Ten choirs began the weekend and were winnowed down by adjudicator, Robert Elliot, to the final three: Choros Amici, The Chantarelles and Haydock Male Voice Choir. The stage was set for a wonderful Sunday of music for the audience and a day of anticipatory stress for the choirs.
Choros Amici started the proceedings with a carefully chosen and nuanced programme which wowed the audience and displayed an astonishing range of vocal dexterity.
Next up were The Chantarelles who charmed the audience with their wit and panache, especially during, ‘The Wedding Ring’, which brought a smile to the audience with its Russian exuberance.
Haydock Male Voice Choir brought humour, energy and controlled power to the proceedings as their programme ranged across hymns, love songs and the amours of Henry The Eighth.
Finals are always tense affairs but the exuberance of the competitors combined with choirs’ support for each other was a celebration of the camaraderie felt by those who glory in the beautiful sounds the human voice and spirit can conjure up.
Just prior to the final verdict, Geoff Corkish, praised the choirs and emphasised the vision of the festival: to encourage choral music and promote the friendships which grow up through the love for the art form.
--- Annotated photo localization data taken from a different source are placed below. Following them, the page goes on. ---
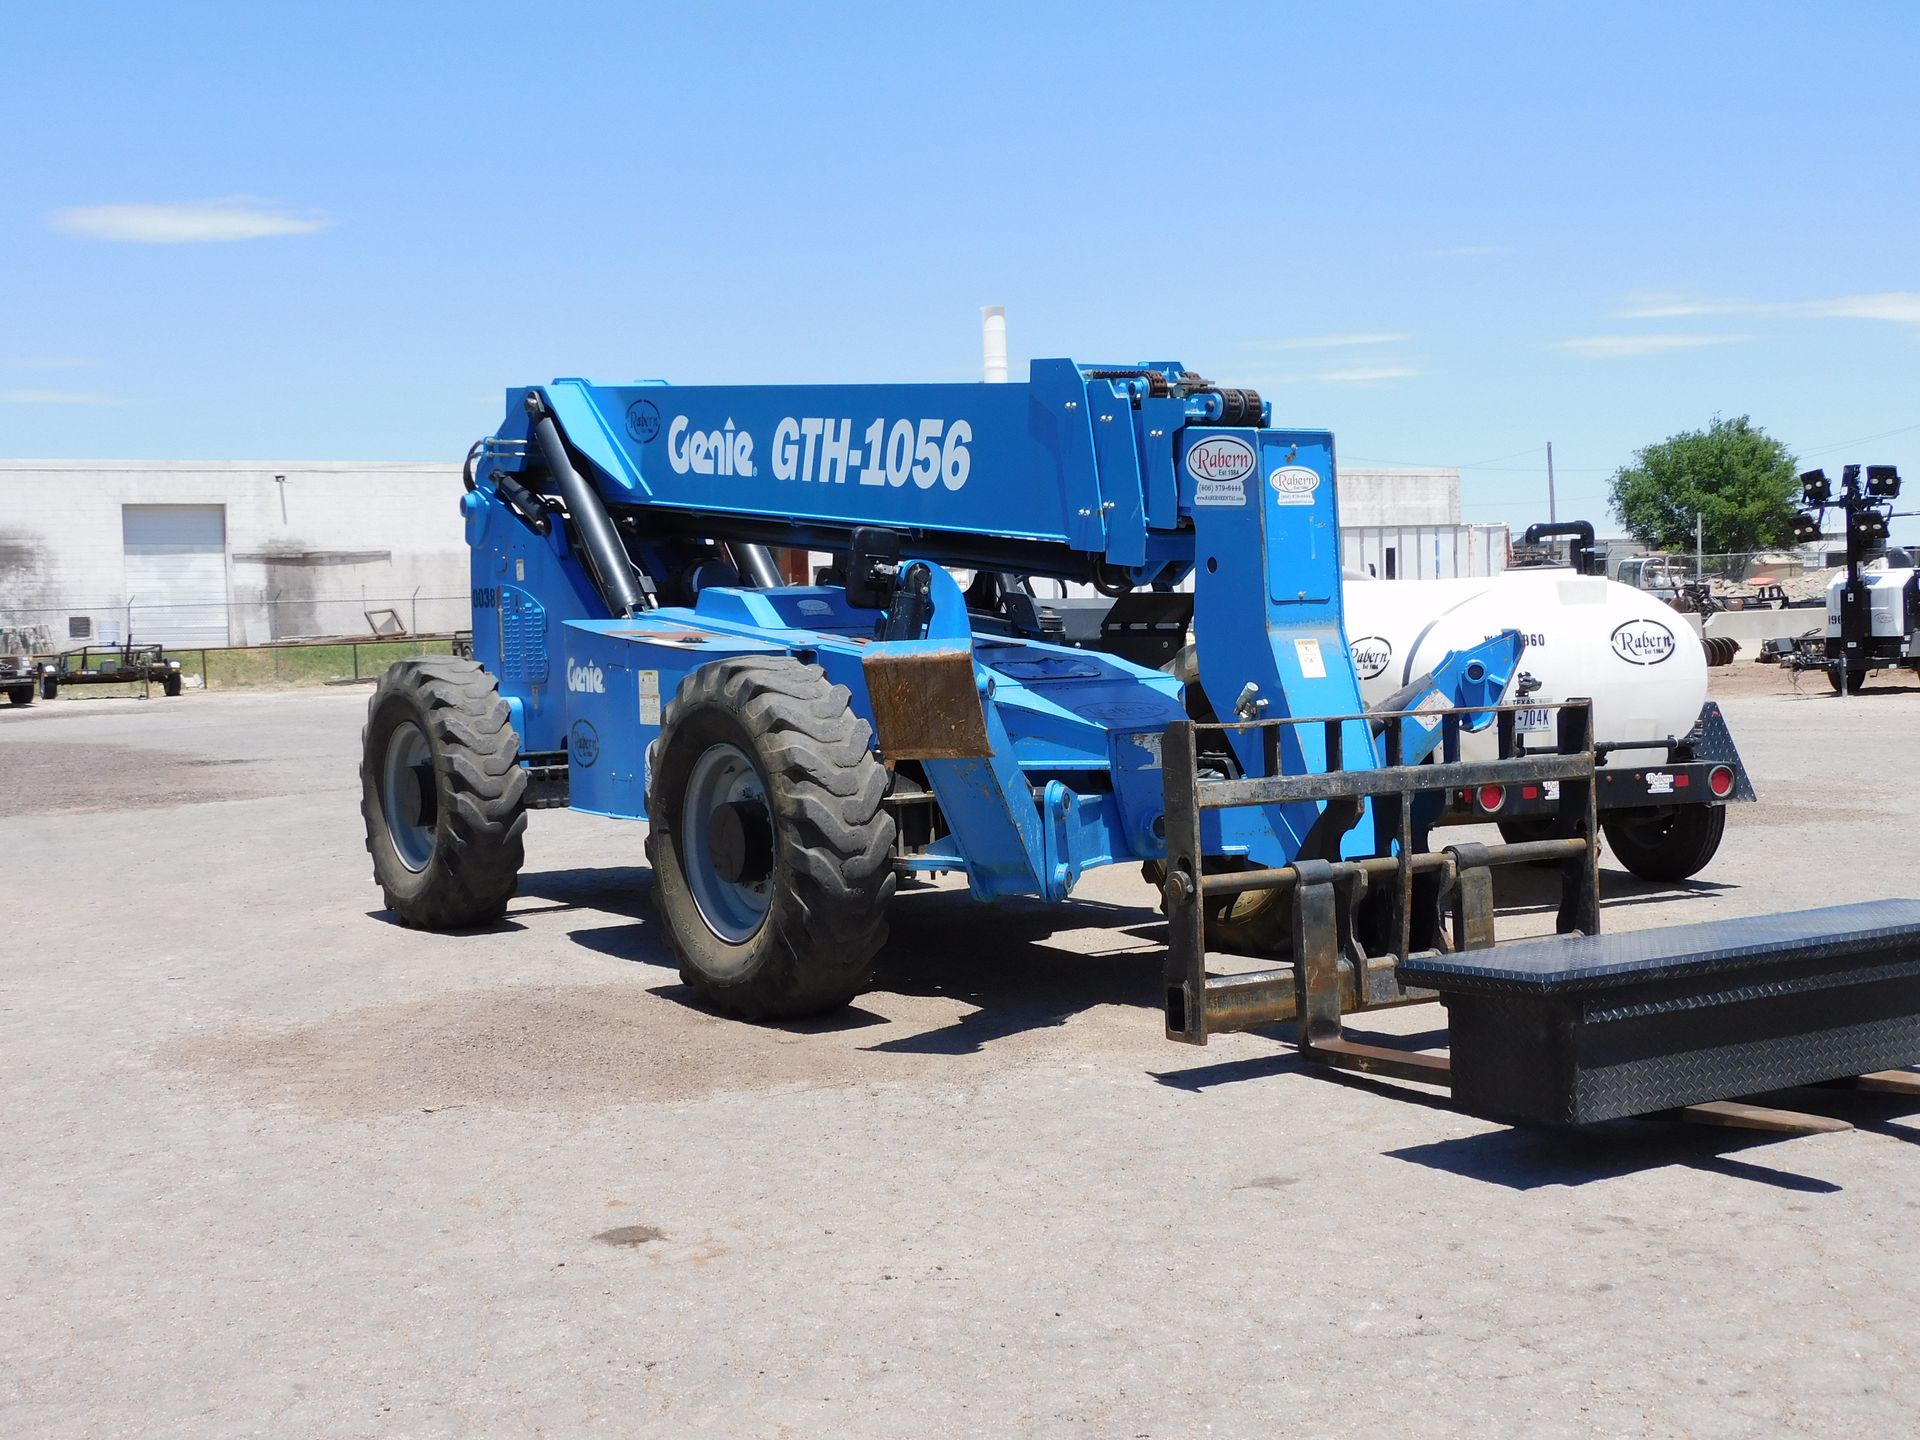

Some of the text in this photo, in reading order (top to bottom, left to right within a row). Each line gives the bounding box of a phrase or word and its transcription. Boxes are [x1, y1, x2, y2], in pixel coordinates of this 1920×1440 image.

[668, 415, 973, 491] Genie GTH-1056
[1193, 447, 1249, 477] Rabern
[1274, 474, 1315, 491] Rabern
[1615, 631, 1671, 656] Rabern
[567, 657, 605, 693] Genie
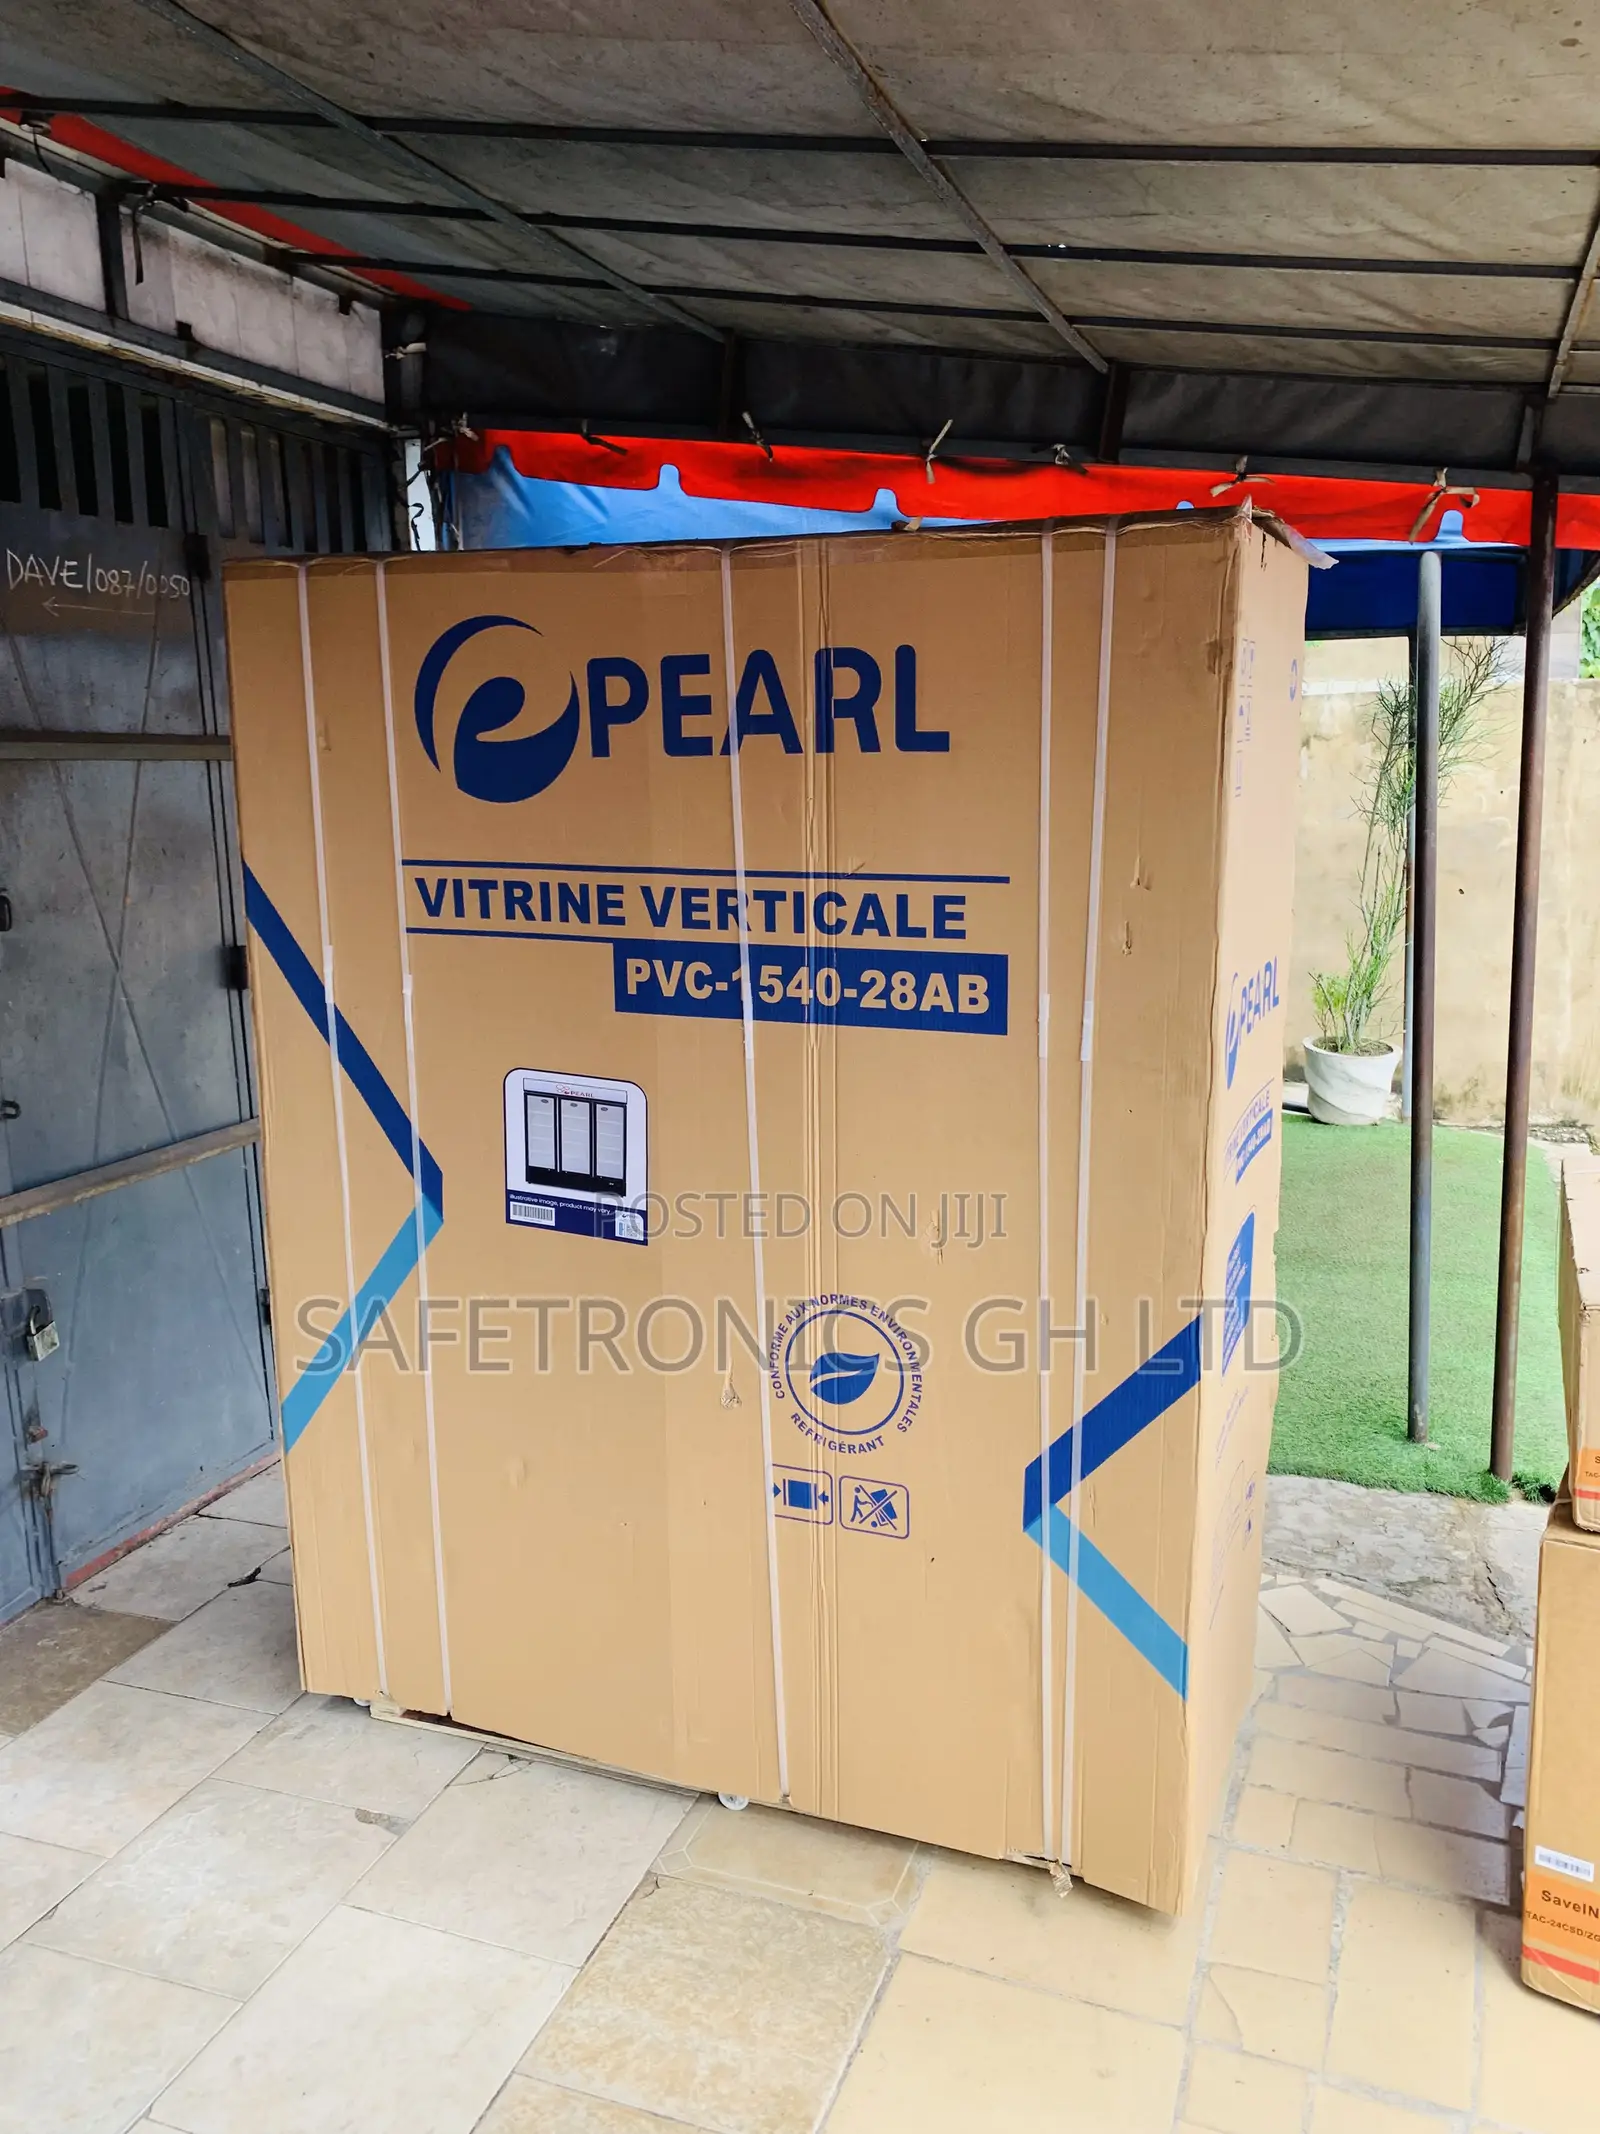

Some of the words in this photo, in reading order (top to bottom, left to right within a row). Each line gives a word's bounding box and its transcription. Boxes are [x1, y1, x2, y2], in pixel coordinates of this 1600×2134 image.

[587, 644, 950, 758] PEARL
[414, 877, 627, 927] VITRINE
[640, 886, 968, 940] VERTICALE
[625, 958, 990, 1015] PVC-1540-28AB
[1238, 956, 1280, 1045] PEARL
[560, 1202, 583, 1210] product
[769, 1322, 789, 1400] CONFORME
[785, 1302, 809, 1327] AUX
[811, 1293, 868, 1310] NORMES
[870, 1305, 923, 1434] ENVIRONMENTALES
[790, 1412, 885, 1455] REFRIGÉRANT
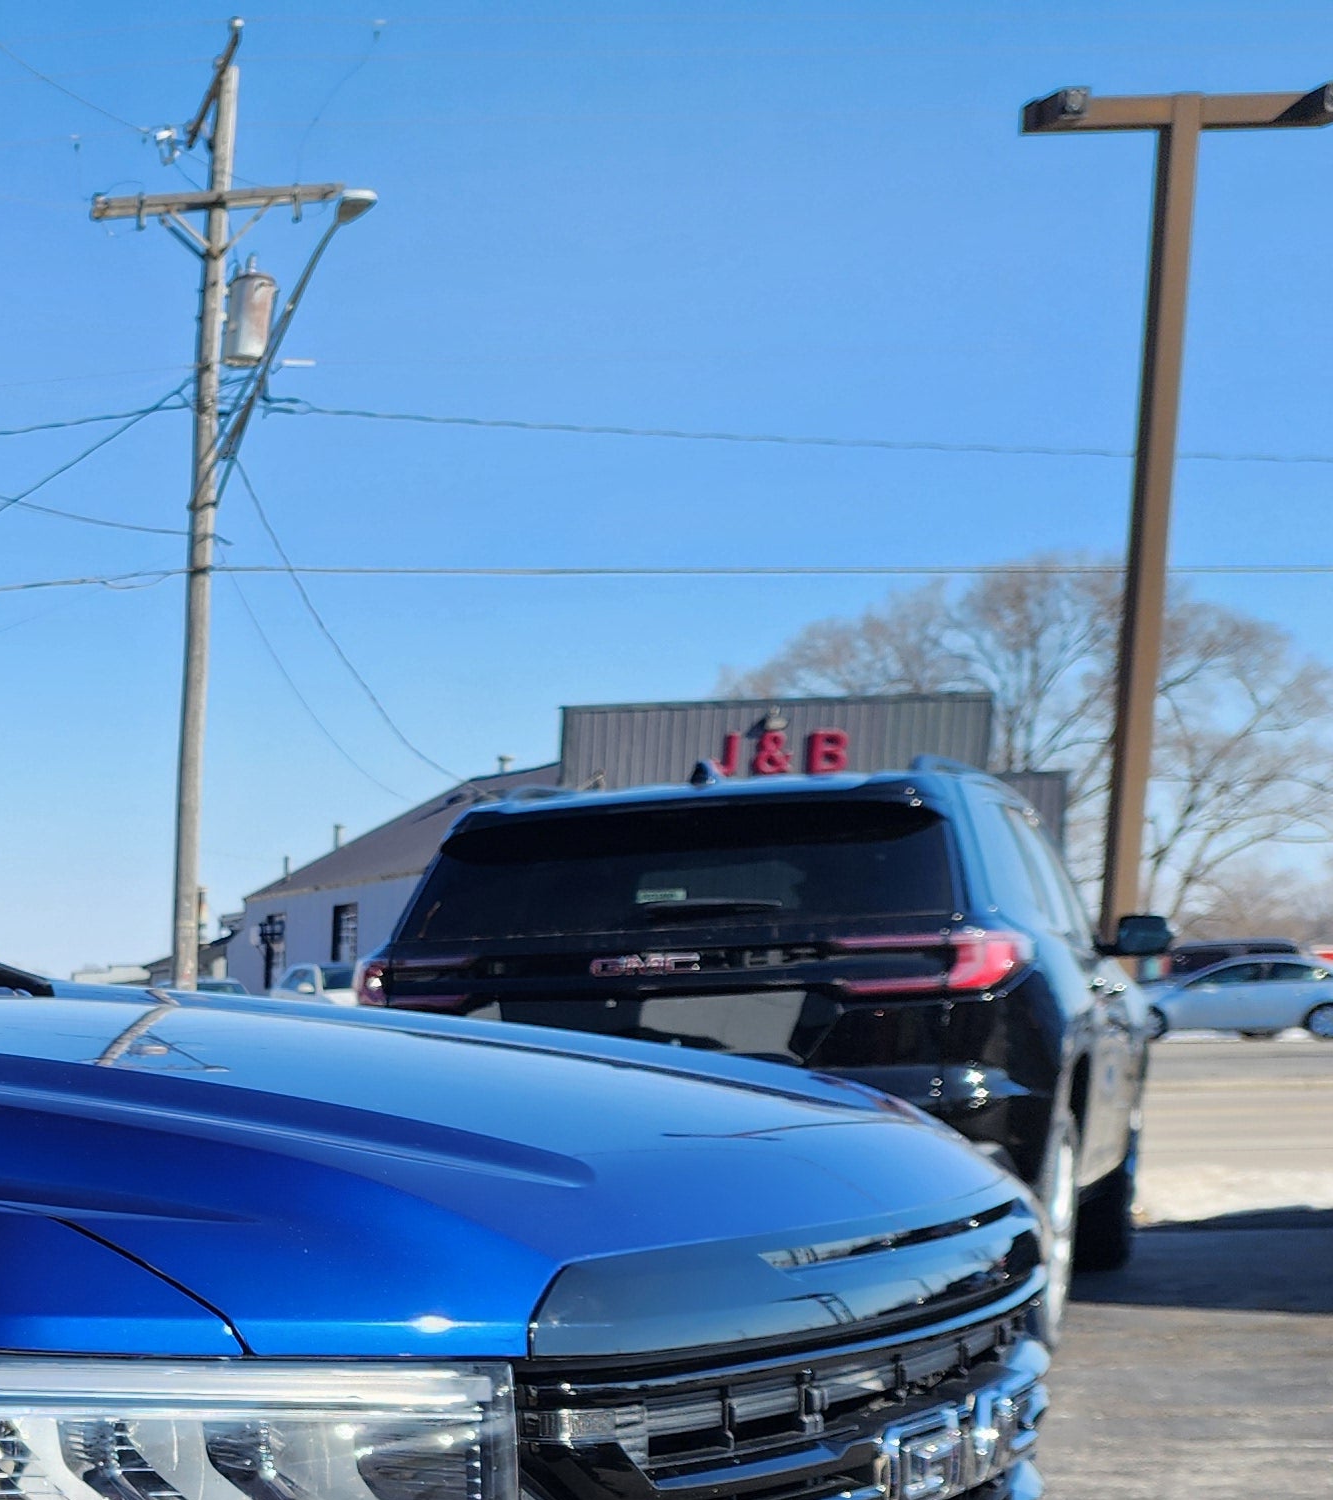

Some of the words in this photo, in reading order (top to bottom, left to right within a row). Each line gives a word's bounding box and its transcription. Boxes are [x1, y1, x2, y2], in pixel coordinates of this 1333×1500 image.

Festival Patron, Moira Anderson, the famous soprano and television personality, praised the quality of the music on offer and confided that her own career began as a choir member ; she has remained in contact with her fellow choir members and has never ceased to be grateful for the opportunities afforded her by joining her choir,
And so the results:
The Chantarelles were voted most entertaining choir and were clearly delighted with the accolade.
The overall winners were Choros Amici.
Haydock Male Voice Choir acknowledged their victory with good humour and genuine admiration.
And so, back to my original search for a collective noun, I have decided that no other term but, A Triumph, will do.